His first serious photo piece was titled "Ukrainian Nuremberg", depicting a trial of Nazis that took place in Kiev's Maidan Nezalezhnosti in January 1946.

== Magazine photographer ==
In 1948 he joined the magazine Ogonek in Ukraine as a special photo correspondent, remaining with the magazine for nearly forty years. Many of his photographs are in colour and are in an heroic socialist realist style depicting such scenes as father and son washing their Volga car before going to Stalino [Donetsk], a family of 'Heroes of Socialist Labor' enjoying an al fresco meal in their collective farm in Bedia, Georgia, and tourism in the Carpathians. For the magazine he made portraits of Ukrainian and Soviet personalities Buchma A., M. Krushelnitsky, N. Uzhviy, E. Ponomarenko, Y. Shumsky, N. Romanov, M. Litvinenko-Wohlgemuth, I. Patorzhinskogo, Jura, Z. Gaidai, N. Grishko. He was a prolific photographer of the city of Kiev, recording images which are now a valuable historic record.
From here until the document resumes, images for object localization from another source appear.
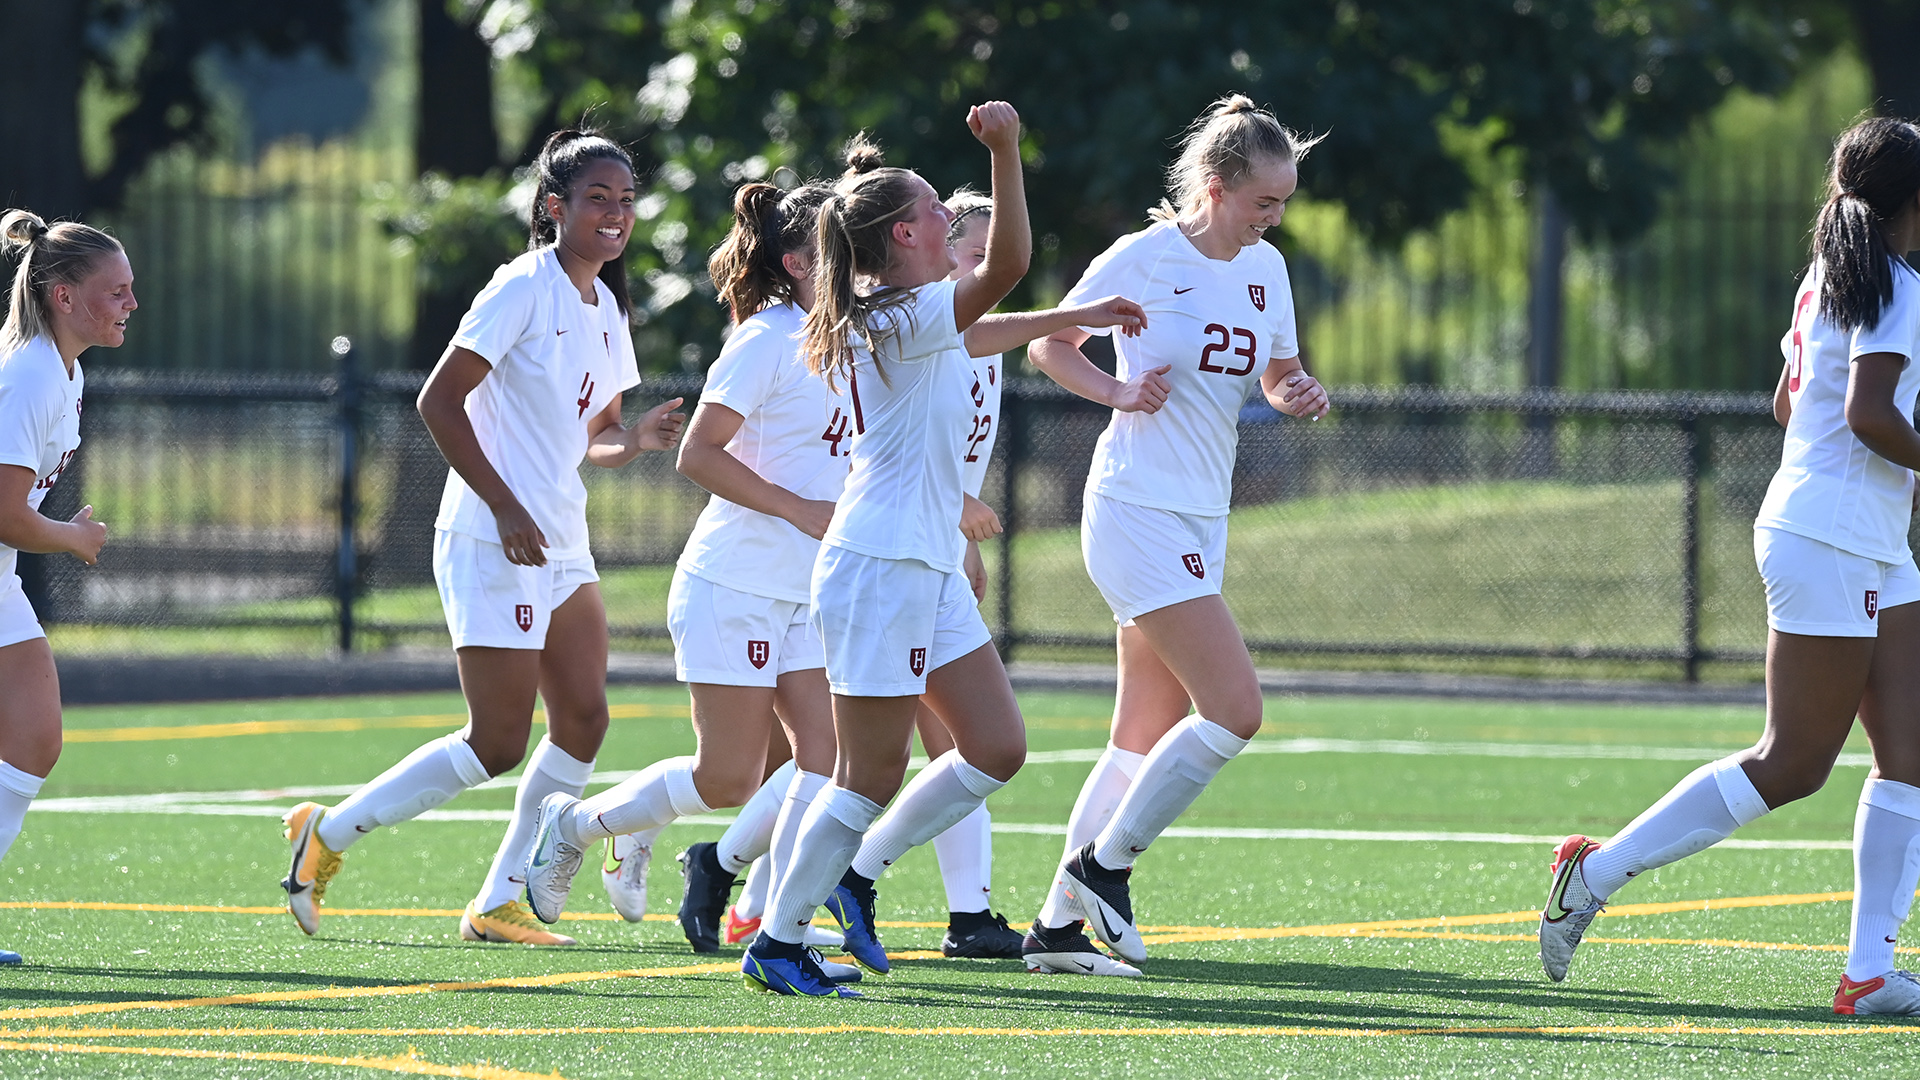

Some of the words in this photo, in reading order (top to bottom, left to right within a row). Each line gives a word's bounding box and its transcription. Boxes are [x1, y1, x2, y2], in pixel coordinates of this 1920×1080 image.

[1198, 323, 1257, 376] 23
[577, 371, 595, 420] 4
[822, 407, 853, 457] 4
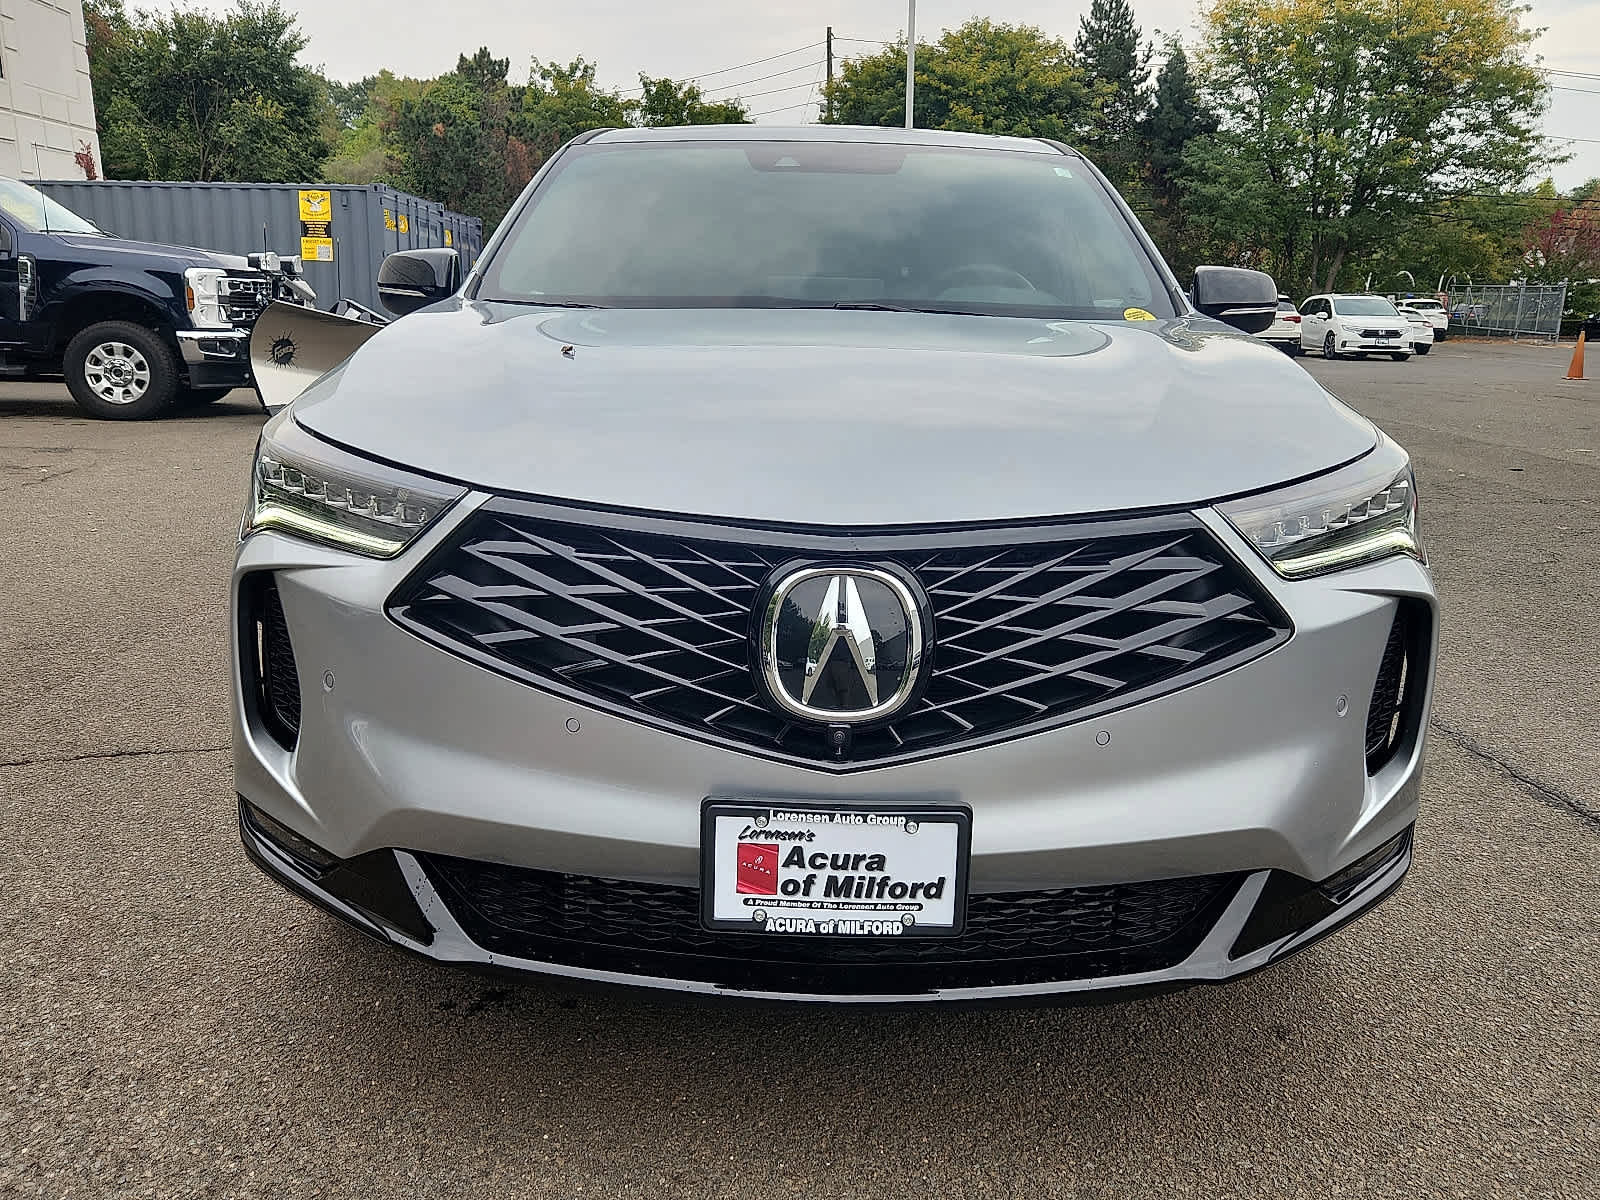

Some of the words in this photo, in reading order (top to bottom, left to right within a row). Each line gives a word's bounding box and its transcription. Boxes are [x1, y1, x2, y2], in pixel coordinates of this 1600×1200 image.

[770, 809, 830, 823] Lorensen
[833, 813, 863, 825] Auto
[867, 814, 906, 827] Group
[738, 825, 816, 842] Lorensen's
[782, 846, 887, 872] Acura
[741, 861, 771, 875] ACURA
[780, 873, 817, 897] of
[823, 875, 946, 899] Milford
[839, 902, 875, 910] Lorensen
[896, 903, 920, 911] Group
[765, 918, 816, 933] ACURA
[820, 919, 835, 934] of
[837, 920, 903, 935] MILFORD
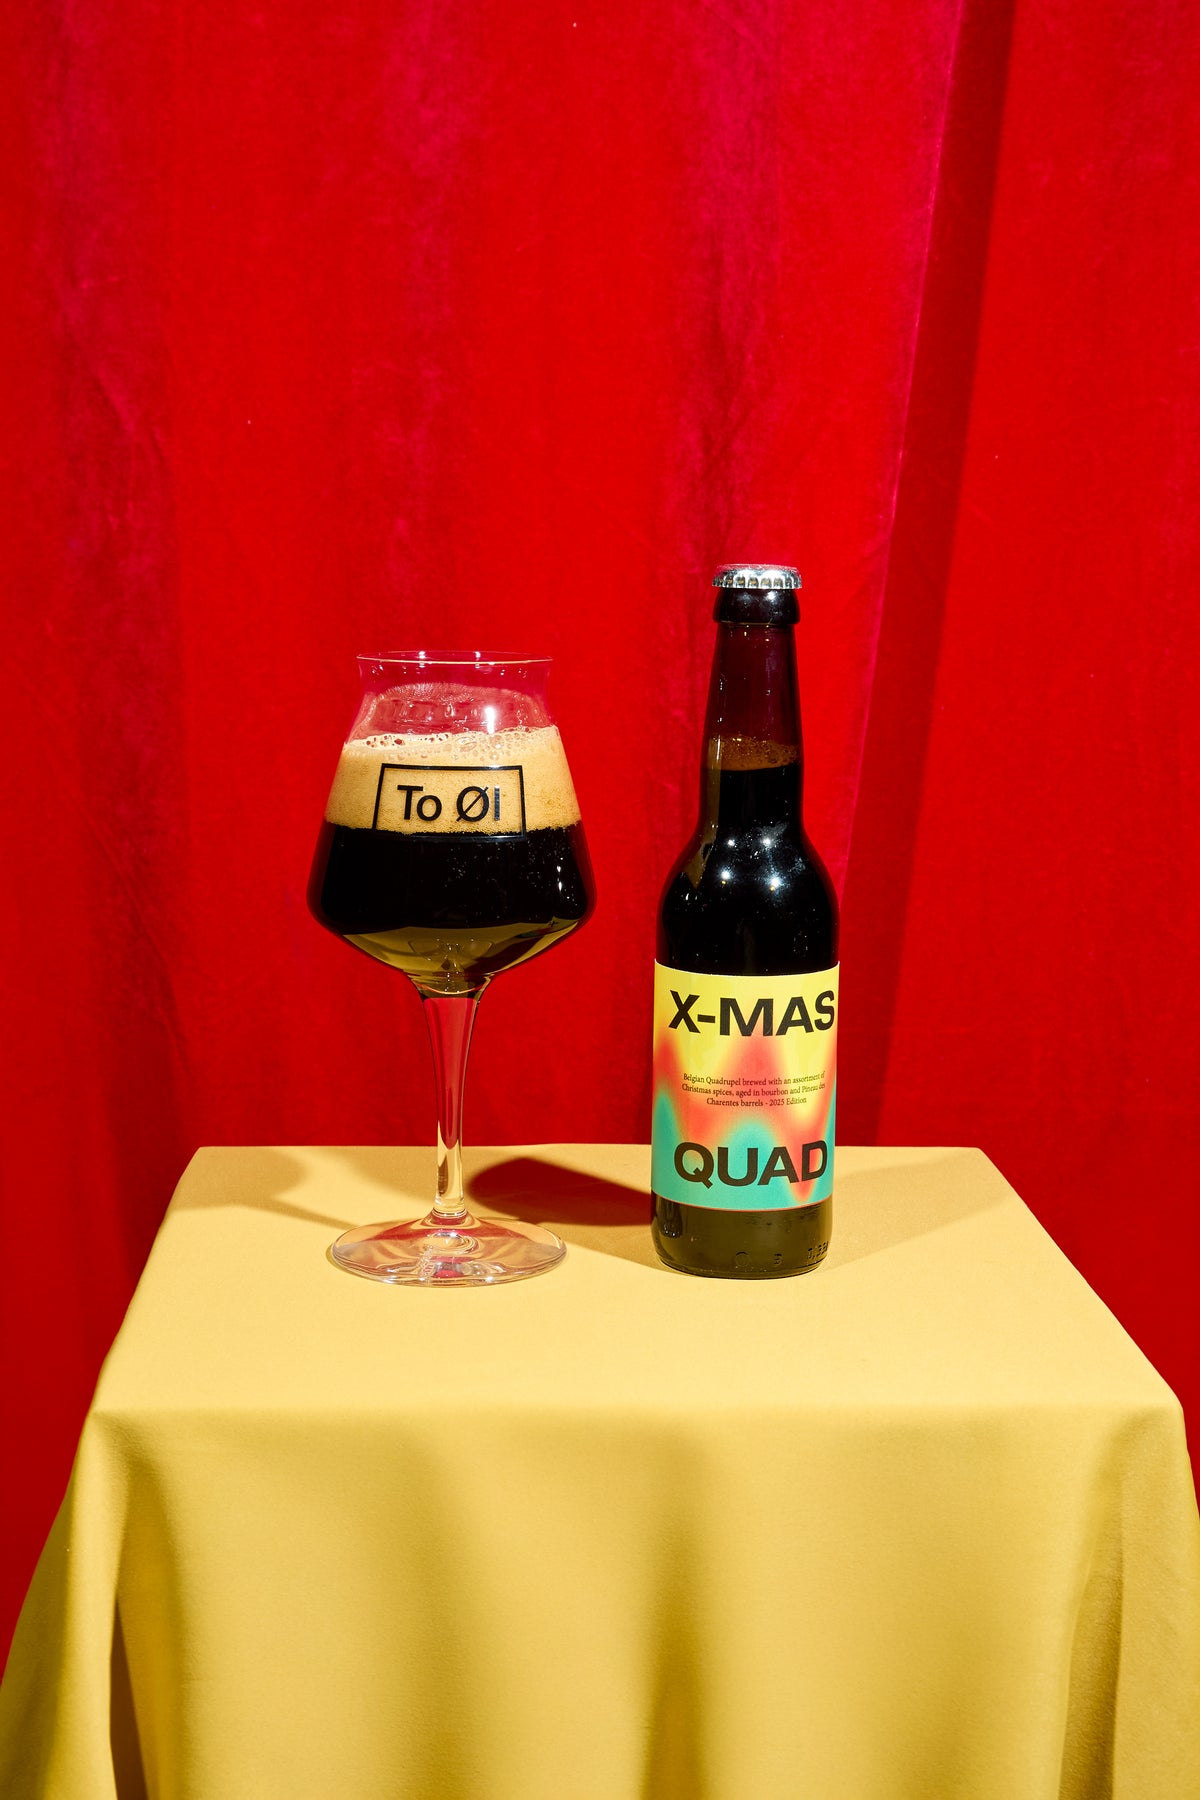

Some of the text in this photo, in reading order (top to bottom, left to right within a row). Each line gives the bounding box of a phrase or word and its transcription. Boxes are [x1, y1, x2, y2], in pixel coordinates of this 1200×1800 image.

Kozlovsky was a teacher of photography, one of his students being the noted Yuri Buslenko (1951–2014).

== International recognition ==
In 1955 Edward Steichen selected Kozlovsky's picture of traditional dancers, discovered by assistant Wayne Miller at the Sovfoto agency, for the ‘Ring a Ring o' Roses’ section of the world touring Museum of Modern Art exhibition The Family of Man, seen by 9 million visitors, and its catalogue, which is still in print. Kozlovsky's photography also featured in a 1984 edition of the magazine Soviet Life distributed in the United States

Kozlovsky's illustrated books were widely distributed and his work was officially recognised in 1986 when he won the Shevchenko National Prize for culture and arts, with his book "Kiev".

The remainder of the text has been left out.